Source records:
* * *

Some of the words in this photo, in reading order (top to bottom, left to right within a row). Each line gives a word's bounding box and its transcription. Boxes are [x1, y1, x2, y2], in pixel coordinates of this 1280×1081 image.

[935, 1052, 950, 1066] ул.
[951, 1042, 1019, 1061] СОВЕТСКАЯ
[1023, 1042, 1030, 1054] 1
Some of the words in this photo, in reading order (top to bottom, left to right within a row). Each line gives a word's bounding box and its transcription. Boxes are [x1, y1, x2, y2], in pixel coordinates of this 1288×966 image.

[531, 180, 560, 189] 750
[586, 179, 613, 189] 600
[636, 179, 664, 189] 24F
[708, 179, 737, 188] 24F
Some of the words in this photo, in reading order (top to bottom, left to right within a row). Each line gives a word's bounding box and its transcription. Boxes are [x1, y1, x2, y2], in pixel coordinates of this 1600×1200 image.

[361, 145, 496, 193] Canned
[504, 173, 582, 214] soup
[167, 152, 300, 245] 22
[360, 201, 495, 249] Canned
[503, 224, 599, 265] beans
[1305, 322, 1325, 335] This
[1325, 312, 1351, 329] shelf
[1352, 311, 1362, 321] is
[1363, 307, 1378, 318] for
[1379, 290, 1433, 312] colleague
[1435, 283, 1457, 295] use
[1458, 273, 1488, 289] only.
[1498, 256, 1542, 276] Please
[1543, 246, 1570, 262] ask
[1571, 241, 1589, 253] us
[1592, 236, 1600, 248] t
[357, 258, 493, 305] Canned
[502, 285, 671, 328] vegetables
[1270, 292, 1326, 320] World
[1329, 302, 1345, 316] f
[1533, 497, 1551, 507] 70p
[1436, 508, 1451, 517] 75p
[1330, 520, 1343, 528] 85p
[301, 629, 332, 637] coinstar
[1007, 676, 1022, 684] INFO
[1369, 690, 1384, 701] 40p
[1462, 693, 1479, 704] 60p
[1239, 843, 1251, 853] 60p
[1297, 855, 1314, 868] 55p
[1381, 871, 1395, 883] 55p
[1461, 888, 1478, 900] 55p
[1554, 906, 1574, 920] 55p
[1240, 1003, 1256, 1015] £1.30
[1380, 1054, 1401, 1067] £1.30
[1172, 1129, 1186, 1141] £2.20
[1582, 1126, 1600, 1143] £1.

* * *

### [Exercise aim]
Please output the records shown above, with every character intact.

### [Solution to this problem]
Some of the words in this photo, in reading order (top to bottom, left to right within a row). Each line gives a word's bounding box and its transcription. Boxes are [x1, y1, x2, y2], in pixel coordinates of this 1280×1081 image.

[935, 1052, 950, 1066] ул.
[951, 1042, 1019, 1061] СОВЕТСКАЯ
[1023, 1042, 1030, 1054] 1
Some of the words in this photo, in reading order (top to bottom, left to right within a row). Each line gives a word's bounding box and its transcription. Boxes are [x1, y1, x2, y2], in pixel coordinates of this 1288×966 image.

[531, 180, 560, 189] 750
[586, 179, 613, 189] 600
[636, 179, 664, 189] 24F
[708, 179, 737, 188] 24F
Some of the words in this photo, in reading order (top to bottom, left to right within a row). Each line gives a word's bounding box and its transcription. Boxes are [x1, y1, x2, y2], in pixel coordinates of this 1600×1200 image.

[361, 145, 496, 193] Canned
[504, 173, 582, 214] soup
[167, 152, 300, 245] 22
[360, 201, 495, 249] Canned
[503, 224, 599, 265] beans
[1305, 322, 1325, 335] This
[1325, 312, 1351, 329] shelf
[1352, 311, 1362, 321] is
[1363, 307, 1378, 318] for
[1379, 290, 1433, 312] colleague
[1435, 283, 1457, 295] use
[1458, 273, 1488, 289] only.
[1498, 256, 1542, 276] Please
[1543, 246, 1570, 262] ask
[1571, 241, 1589, 253] us
[1592, 236, 1600, 248] t
[357, 258, 493, 305] Canned
[502, 285, 671, 328] vegetables
[1270, 292, 1326, 320] World
[1329, 302, 1345, 316] f
[1533, 497, 1551, 507] 70p
[1436, 508, 1451, 517] 75p
[1330, 520, 1343, 528] 85p
[301, 629, 332, 637] coinstar
[1007, 676, 1022, 684] INFO
[1369, 690, 1384, 701] 40p
[1462, 693, 1479, 704] 60p
[1239, 843, 1251, 853] 60p
[1297, 855, 1314, 868] 55p
[1381, 871, 1395, 883] 55p
[1461, 888, 1478, 900] 55p
[1554, 906, 1574, 920] 55p
[1240, 1003, 1256, 1015] £1.30
[1380, 1054, 1401, 1067] £1.30
[1172, 1129, 1186, 1141] £2.20
[1582, 1126, 1600, 1143] £1.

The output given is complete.